[Assigned task]: For this exercise, copy all the data exactly and include none of the pictures.
[Start of Attachment]
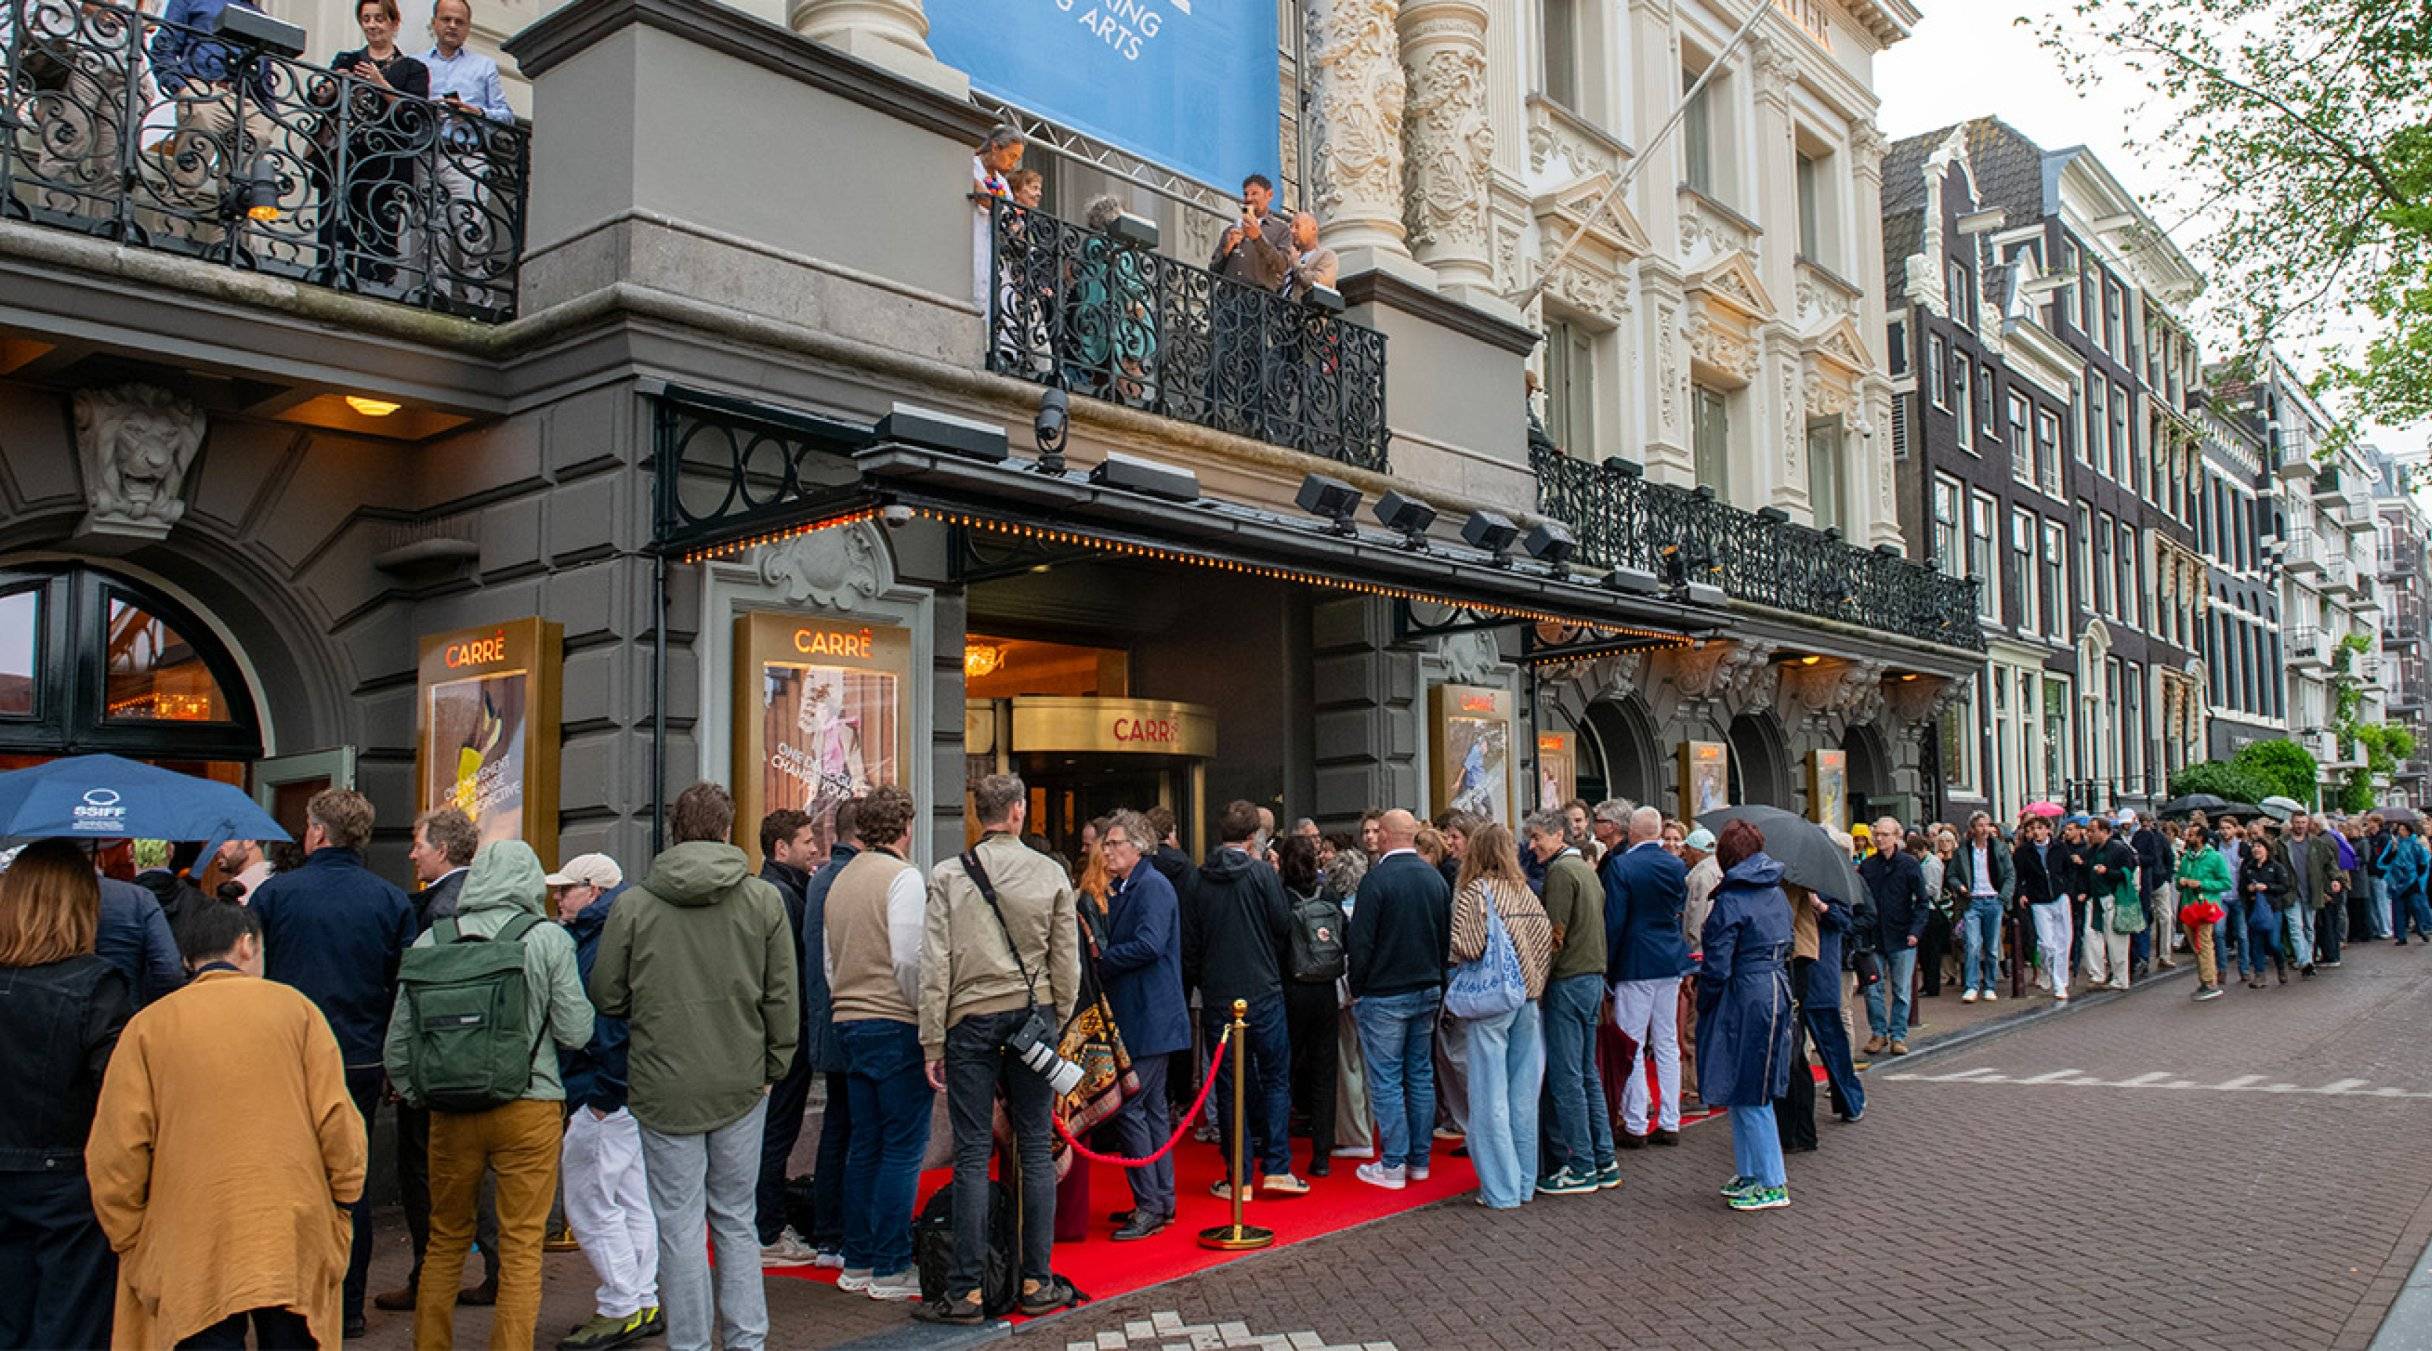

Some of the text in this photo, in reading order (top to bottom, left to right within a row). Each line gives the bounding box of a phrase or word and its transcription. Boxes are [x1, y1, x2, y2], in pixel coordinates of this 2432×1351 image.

[1078, 8, 1143, 60] ARTS
[1105, 0, 1162, 38] ING
[445, 629, 504, 668] CARRÉ
[793, 628, 873, 657] CARRÉ
[End of Attachment]
[Answer section]:
Some of the text in this photo, in reading order (top to bottom, left to right within a row). Each line gives the bounding box of a phrase or word and its transcription. Boxes are [x1, y1, x2, y2], in pixel coordinates of this 2432×1351 image.

[1078, 8, 1143, 60] ARTS
[1105, 0, 1162, 38] ING
[445, 629, 504, 668] CARRÉ
[793, 628, 873, 657] CARRÉ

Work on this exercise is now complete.